---------- MATERIALS PROVIDED ----------
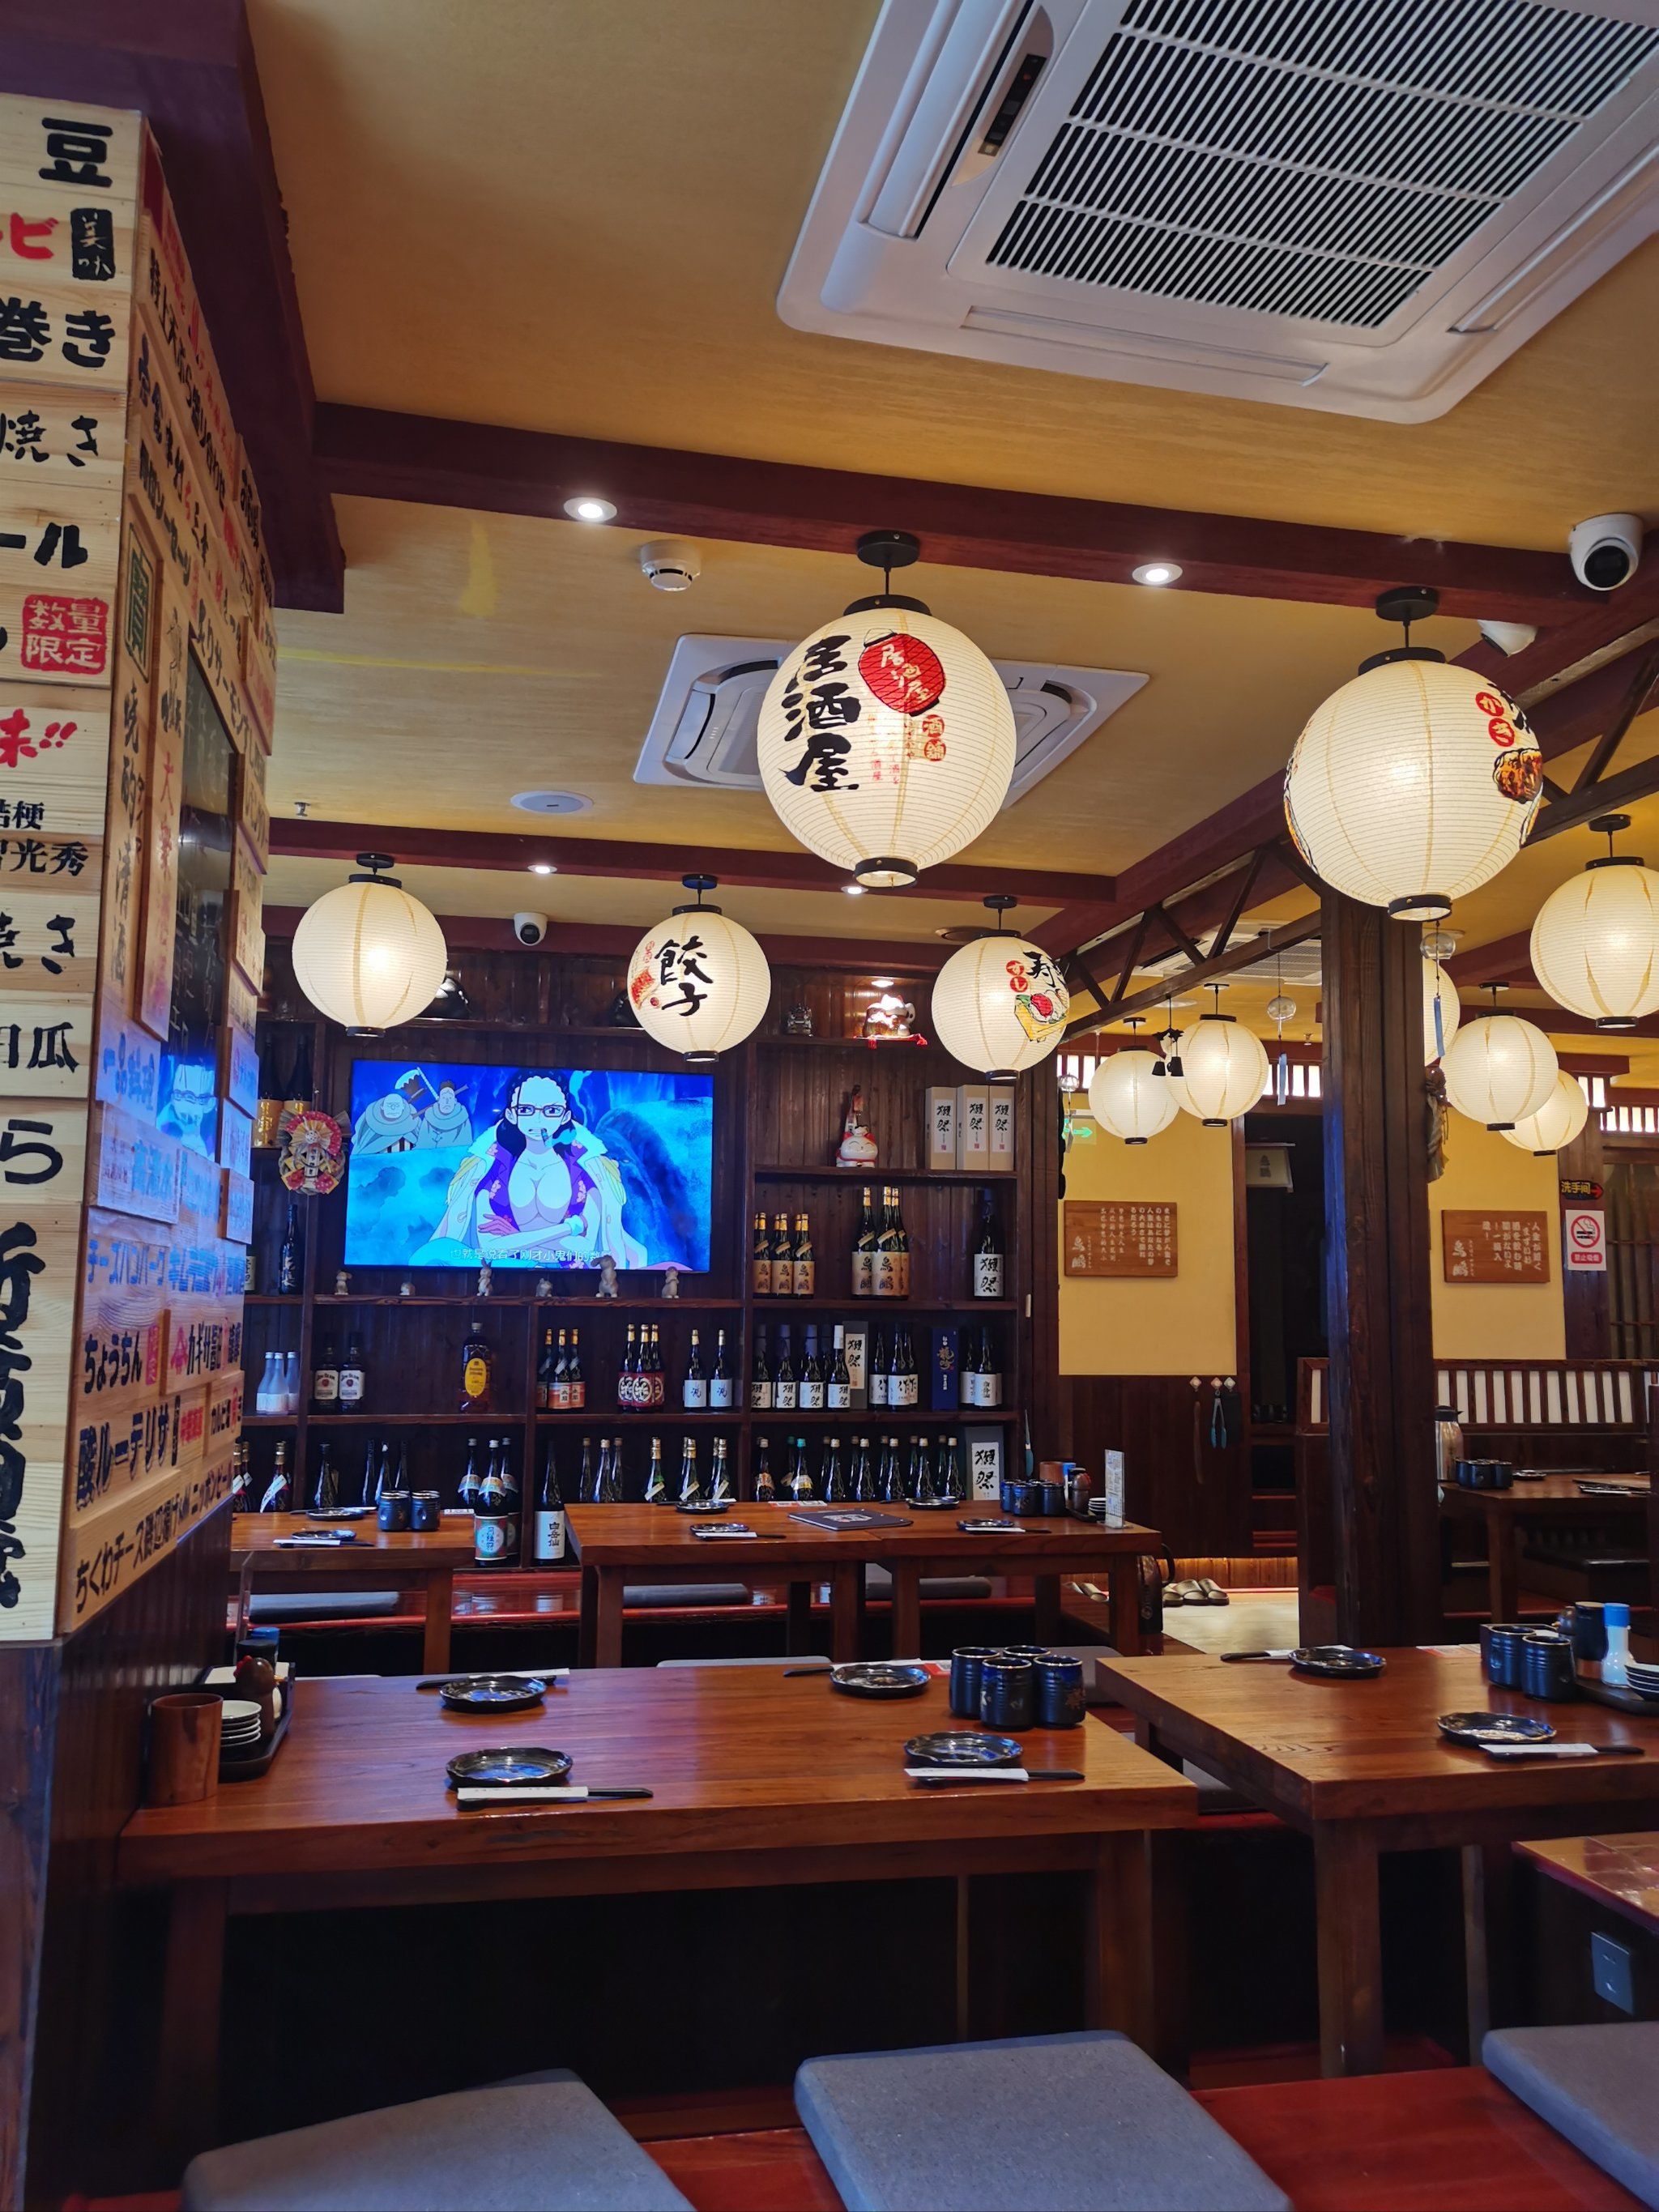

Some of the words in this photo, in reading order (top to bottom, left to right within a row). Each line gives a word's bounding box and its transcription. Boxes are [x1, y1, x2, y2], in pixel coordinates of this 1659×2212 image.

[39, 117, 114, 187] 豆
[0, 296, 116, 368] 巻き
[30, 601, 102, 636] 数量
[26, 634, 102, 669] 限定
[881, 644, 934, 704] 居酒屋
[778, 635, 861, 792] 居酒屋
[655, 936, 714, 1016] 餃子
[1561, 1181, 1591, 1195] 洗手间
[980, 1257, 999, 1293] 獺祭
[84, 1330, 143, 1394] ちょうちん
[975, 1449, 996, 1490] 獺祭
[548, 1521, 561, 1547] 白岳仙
----------
*EXERCISE DIRECTIONS*
Give back the records exactly, minus any pictures.

*SOLUTION TO THE EXERCISE*
Some of the words in this photo, in reading order (top to bottom, left to right within a row). Each line gives a word's bounding box and its transcription. Boxes are [x1, y1, x2, y2], in pixel coordinates of this 1659×2212 image.

[39, 117, 114, 187] 豆
[0, 296, 116, 368] 巻き
[30, 601, 102, 636] 数量
[26, 634, 102, 669] 限定
[881, 644, 934, 704] 居酒屋
[778, 635, 861, 792] 居酒屋
[655, 936, 714, 1016] 餃子
[1561, 1181, 1591, 1195] 洗手间
[980, 1257, 999, 1293] 獺祭
[84, 1330, 143, 1394] ちょうちん
[975, 1449, 996, 1490] 獺祭
[548, 1521, 561, 1547] 白岳仙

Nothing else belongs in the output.